Apart from the images, every record here needs to be copied exactly.

Material shown START

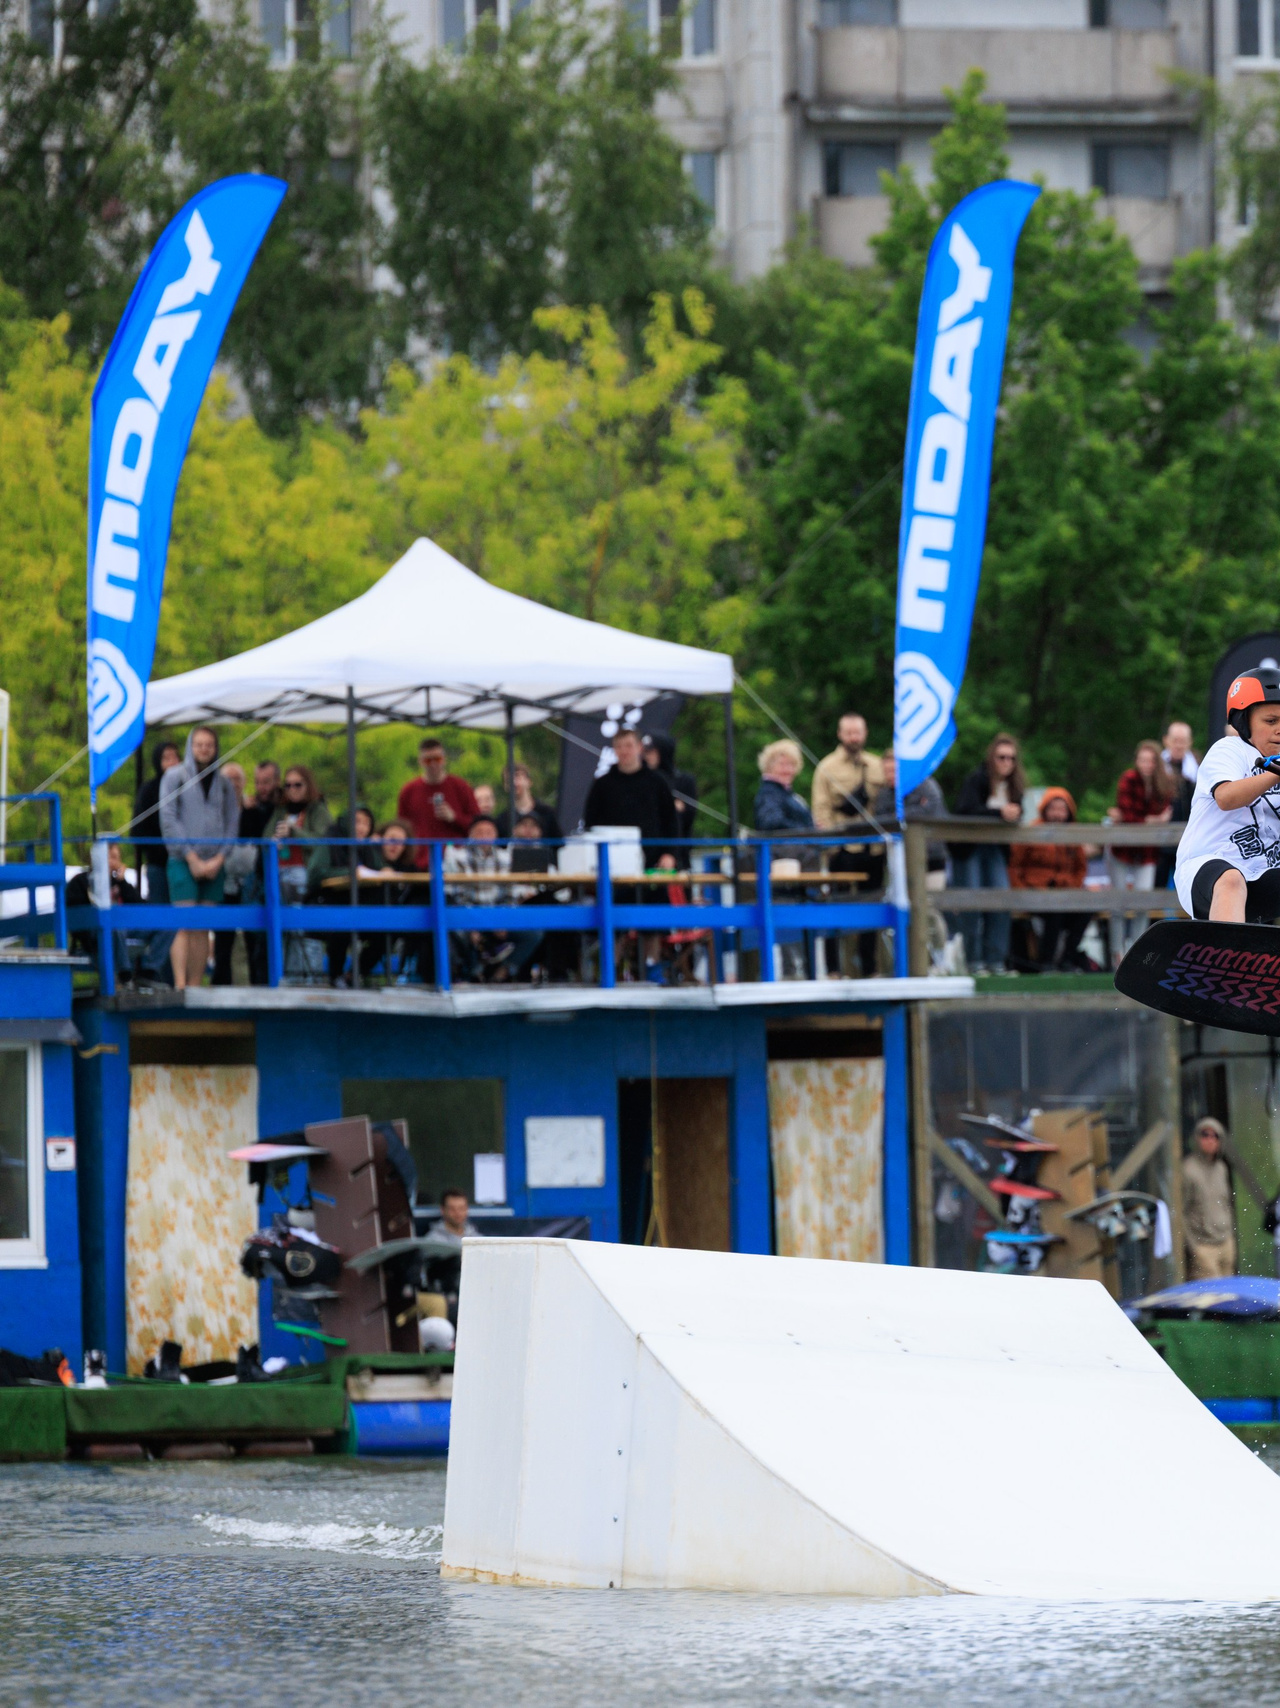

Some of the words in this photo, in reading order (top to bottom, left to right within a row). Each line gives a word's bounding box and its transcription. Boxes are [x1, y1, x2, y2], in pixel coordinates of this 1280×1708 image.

[1158, 943, 1202, 991] MIR
[1176, 946, 1221, 996] MIR
[1194, 949, 1240, 1000] MIR
[1211, 951, 1259, 1004] MIR
[1228, 953, 1276, 1008] MIR

Material shown END

▶ **Written response**:
Some of the words in this photo, in reading order (top to bottom, left to right within a row). Each line gives a word's bounding box and its transcription. Boxes are [x1, y1, x2, y2], in pixel coordinates of this 1280×1708 image.

[1158, 943, 1202, 991] MIR
[1176, 946, 1221, 996] MIR
[1194, 949, 1240, 1000] MIR
[1211, 951, 1259, 1004] MIR
[1228, 953, 1276, 1008] MIR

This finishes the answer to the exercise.